DEV Community

Pavel
Pavel

Posted on • Originally published at hostim.dev

Let's Encrypt Wildcard Certs in Kubernetes: cert-manager + DNS-01 (and When We Skipped It)

If you run Kubernetes and want a wildcard TLS cert from Let's Encrypt — say *.example.com — you need a DNS-01 challenge. HTTP-01 cannot prove control over a wildcard. That single fact rules out the easy path most tutorials show.

This post is what we actually run at Hostim.dev for our shared *.region.hostim.dev wildcard. We use cert-manager for per-app certs and a plain certbot Ansible playbook for the wildcard. Two different tools for two different jobs. We will explain why, then show the code for both.

Why two tools for one cluster?

You can do everything with cert-manager. It supports DNS-01 with a long list of providers. So why are we running a second tool?

Three reasons:

  1. Our DNS provider (Namecheap) does not have a stable cert-manager webhook. There are community webhooks, but they break on upgrades. Maintaining one for a single cert is more work than running certbot once a quarter.
  2. The wildcard cert covers our shared ingress, not user apps. It rotates rarely, lives in one namespace, and is read by every ingress as a TLS secret. cert-manager is built for the opposite case: many short-lived certs per Ingress.
  3. A failed cert-manager renewal at 3 a.m. is hard to debug. A failed Ansible run on our laptop is a stack trace we can read.
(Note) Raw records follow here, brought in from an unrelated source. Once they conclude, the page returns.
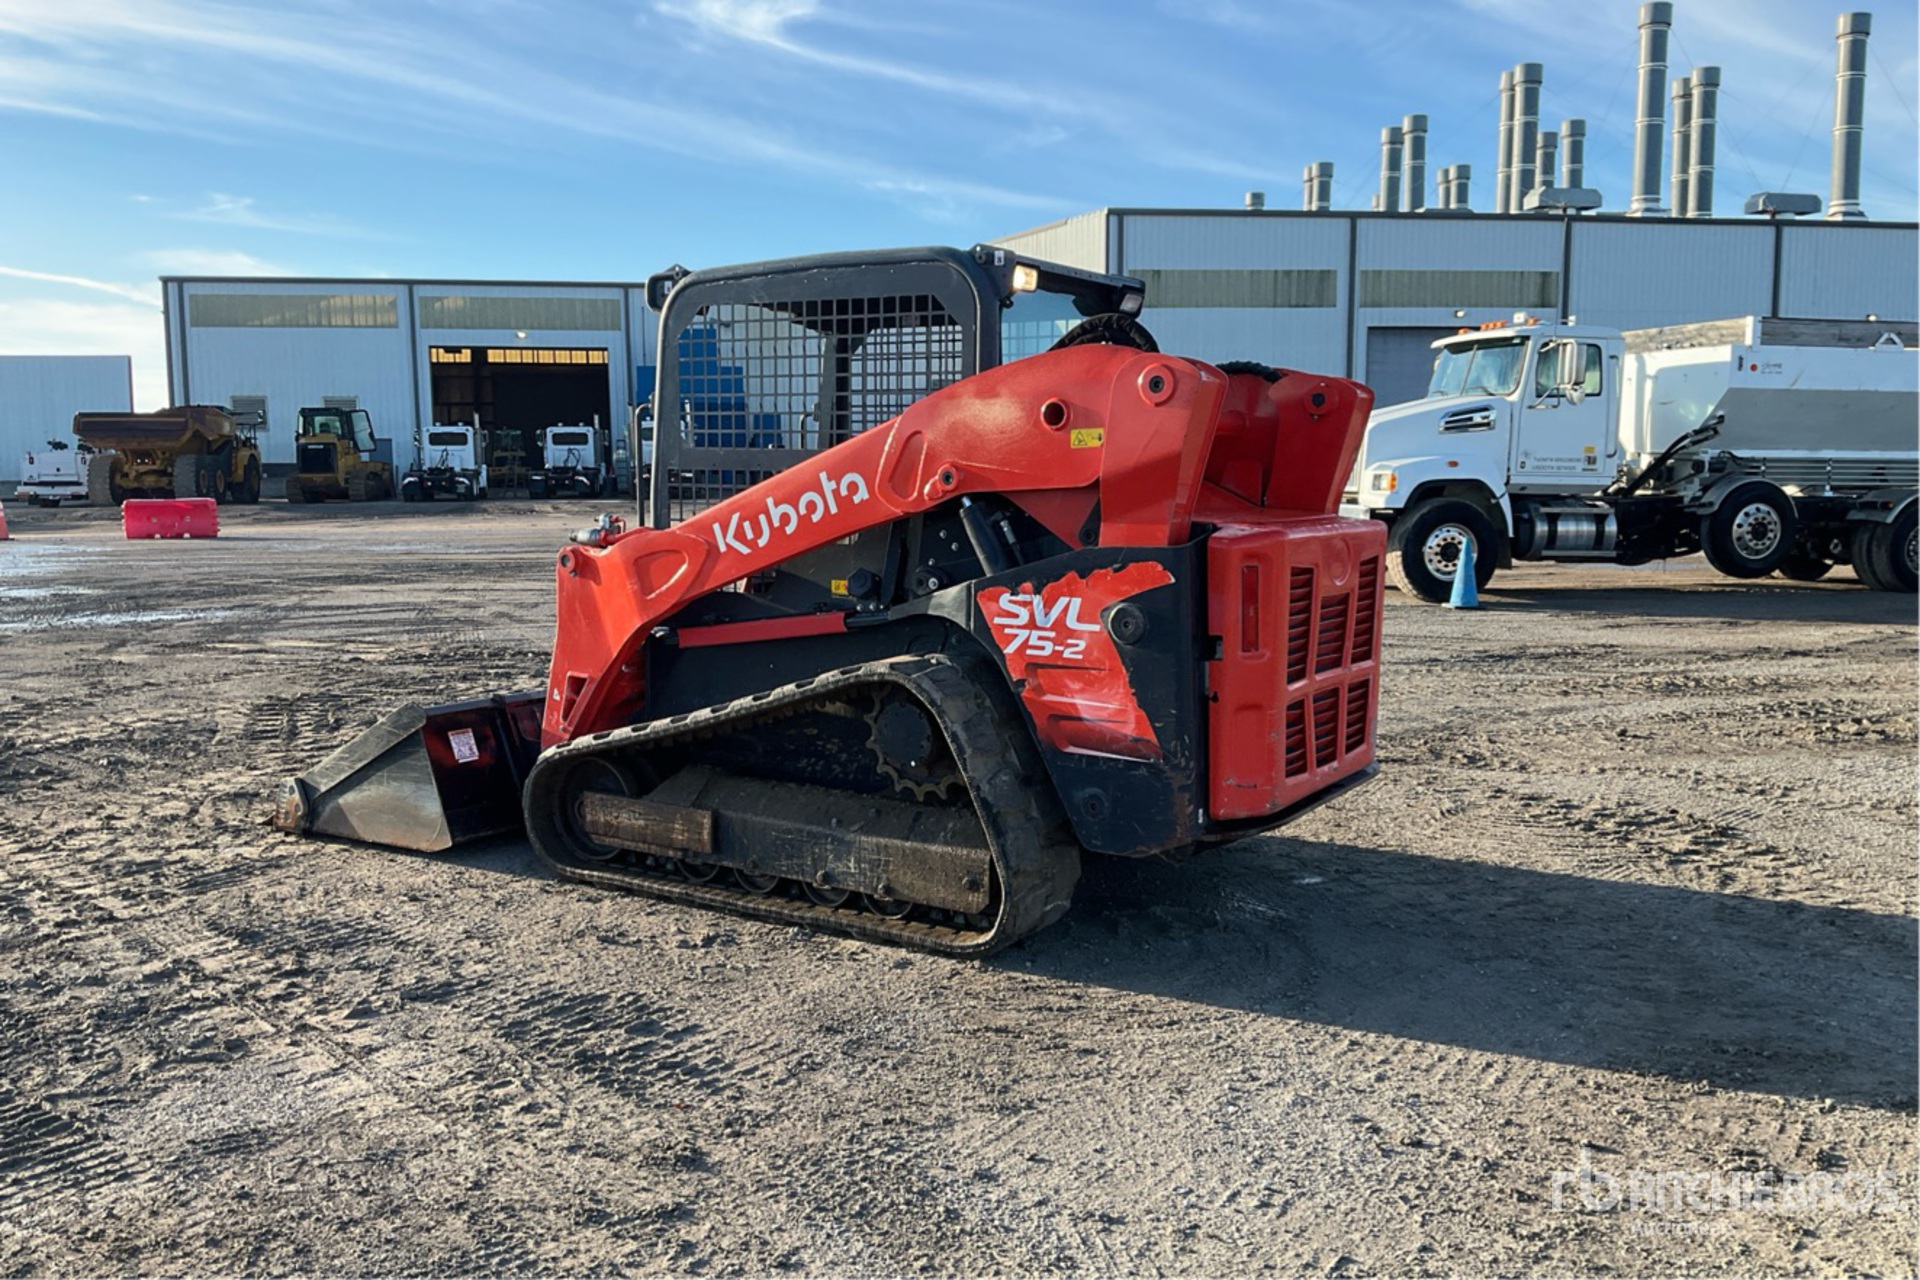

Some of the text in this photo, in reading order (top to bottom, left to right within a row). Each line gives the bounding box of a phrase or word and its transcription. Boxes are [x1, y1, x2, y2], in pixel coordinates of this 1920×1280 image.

[712, 470, 870, 555] Kubota
[993, 593, 1101, 632] SVL
[1003, 628, 1087, 660] 75-2
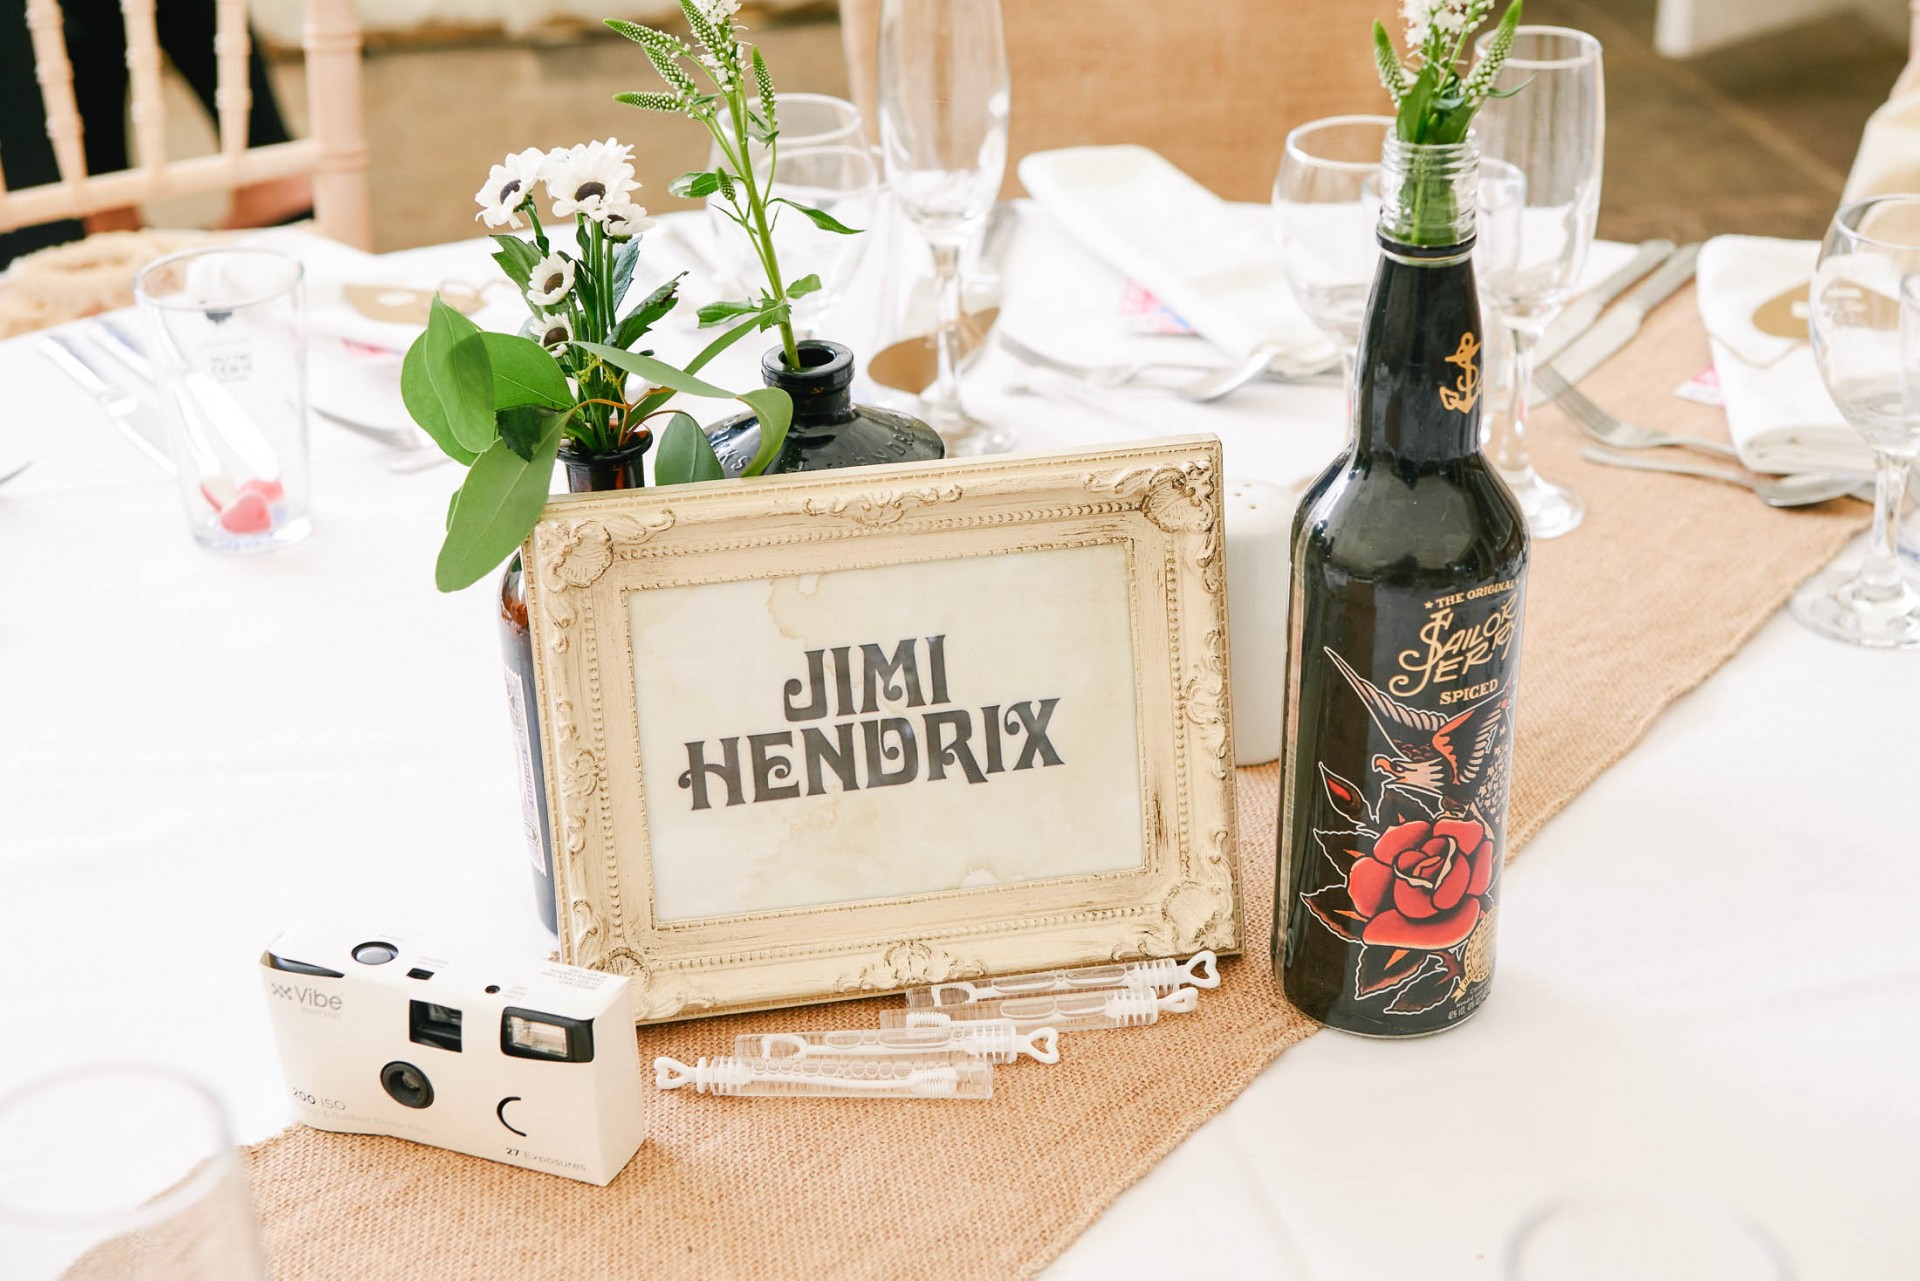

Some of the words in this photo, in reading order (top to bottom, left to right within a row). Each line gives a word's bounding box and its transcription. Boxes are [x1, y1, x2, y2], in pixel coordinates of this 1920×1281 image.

[1435, 592, 1464, 609] THE
[1466, 579, 1516, 600] ORIGINAL
[1398, 592, 1518, 671] SAILOR
[1388, 608, 1518, 697] JERRY
[783, 634, 951, 722] JIMI
[1439, 678, 1499, 705] SPICED
[677, 697, 1066, 811] HENDRIX
[294, 985, 343, 1011] Vibe
[292, 1086, 316, 1105] 200
[320, 1097, 346, 1111] ISO
[504, 1146, 520, 1157] 27
[523, 1151, 587, 1172] Exposures
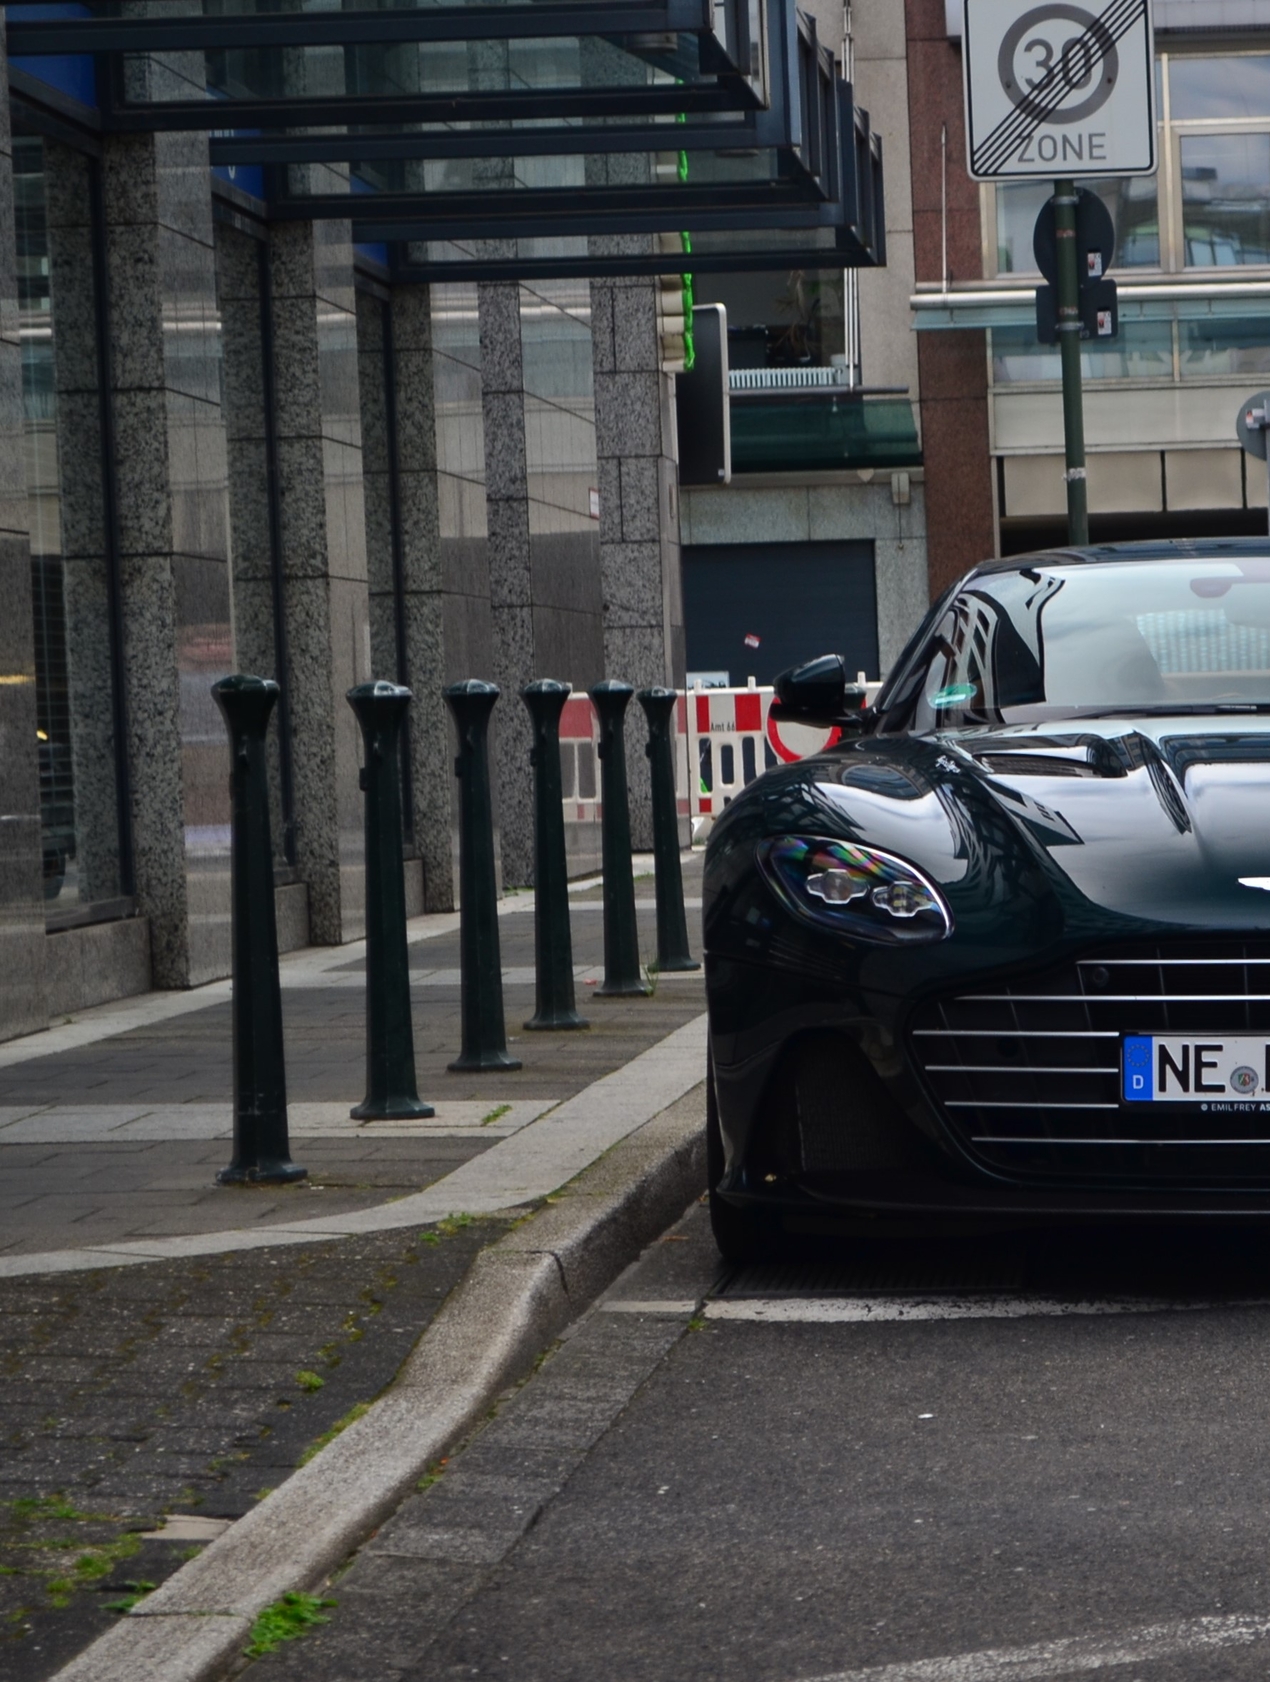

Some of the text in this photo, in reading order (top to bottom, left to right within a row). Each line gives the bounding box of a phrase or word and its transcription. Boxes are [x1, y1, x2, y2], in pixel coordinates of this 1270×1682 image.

For per-app domains (my-app.user.tld with cert-manager + HTTP-01), the controller-driven model wins. For the one shared wildcard, the manual model wins. Use the right tool.

Path A: cert-manager + HTTP-01 (per-app domains)

This is the standard path. Most apps want a cert for one or two hostnames. HTTP-01 is the simplest challenge: cert-manager spins up a temporary pod, the ACME server hits http://app.example.com/.well-known/acme-challenge/..., the pod responds, the cert is issued.

1. Install cert-manager

kubectl apply -f https://github.com/cert-manager/cert-manager/releases/download/v1.16.1/cert-manager.yaml
Enter fullscreen mode Exit fullscreen mode

Wait for the three pods (cert-manager, cert-manager-webhook, cert-manager-cainjector) to be ready.

2. Create a ClusterIssuer

apiVersion: cert-manager.io/v1
kind: ClusterIssuer
metadata:
  name: letsencrypt-prod
spec:
  acme:
    server: https://acme-v02.api.letsencrypt.org/directory
    email: you@example.com
    privateKeySecretRef:
      name: letsencrypt-prod-account
    solvers:
      - http01:
          ingress:
            class: nginx
Enter fullscreen mode Exit fullscreen mode

Apply it. cert-manager will register an ACME account on first use.

3. Annotate your Ingress

apiVersion: networking.k8s.io/v1
kind: Ingress
metadata:
  name: my-app
  annotations:
    cert-manager.io/cluster-issuer: letsencrypt-prod
spec:
  tls:
    - hosts: ["app.example.com"]
      secretName: app-example-com-tls
  rules:
    - host: app.example.com
      http:
        paths:
          - path: /
            pathType: Prefix
            backend:
              service:
                name: my-app
                port:
                  number: 80
Enter fullscreen mode Exit fullscreen mode

That is it. cert-manager sees the annotation, requests the cert, solves the HTTP-01 challenge, writes the cert into the app-example-com-tls secret. Renewal is automatic.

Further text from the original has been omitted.